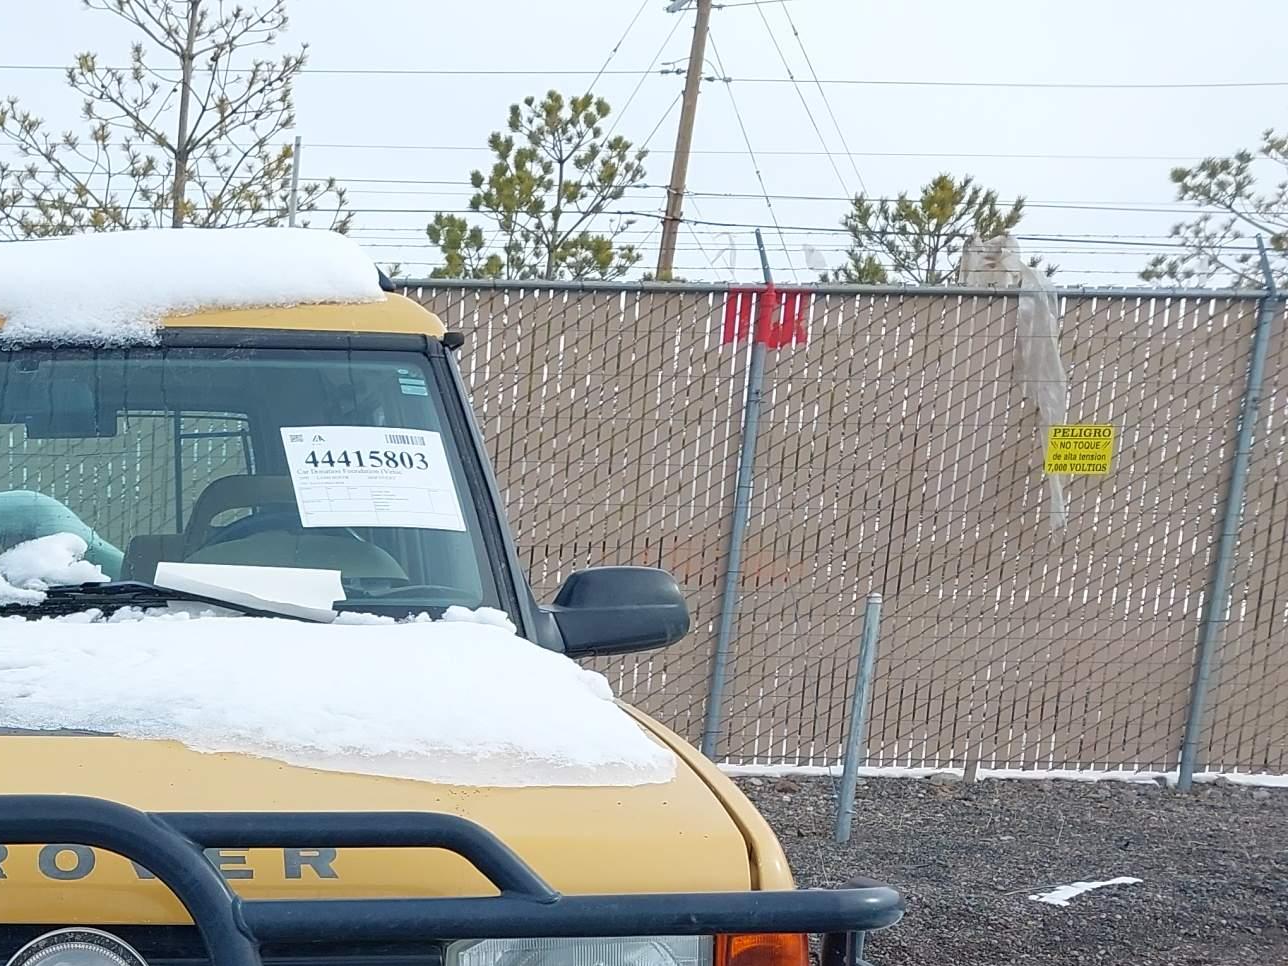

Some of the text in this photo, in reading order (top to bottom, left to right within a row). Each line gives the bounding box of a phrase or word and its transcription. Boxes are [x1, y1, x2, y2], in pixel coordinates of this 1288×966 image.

[1053, 428, 1112, 438] PELIGRO
[1059, 441, 1101, 449] NO TOQUE
[304, 450, 429, 470] 44415803
[1052, 453, 1106, 461] de alta tension
[1047, 463, 1107, 472] 7,000 VOLTIOS

══════════

_AIM OF THE EXERCISE_. The expected output is each entry given again word for word, with pictures dropped.

_OUTPUT OF THE TASK_.
Some of the text in this photo, in reading order (top to bottom, left to right within a row). Each line gives the bounding box of a phrase or word and its transcription. Boxes are [x1, y1, x2, y2], in pixel coordinates of this 1288×966 image.

[1053, 428, 1112, 438] PELIGRO
[1059, 441, 1101, 449] NO TOQUE
[304, 450, 429, 470] 44415803
[1052, 453, 1106, 461] de alta tension
[1047, 463, 1107, 472] 7,000 VOLTIOS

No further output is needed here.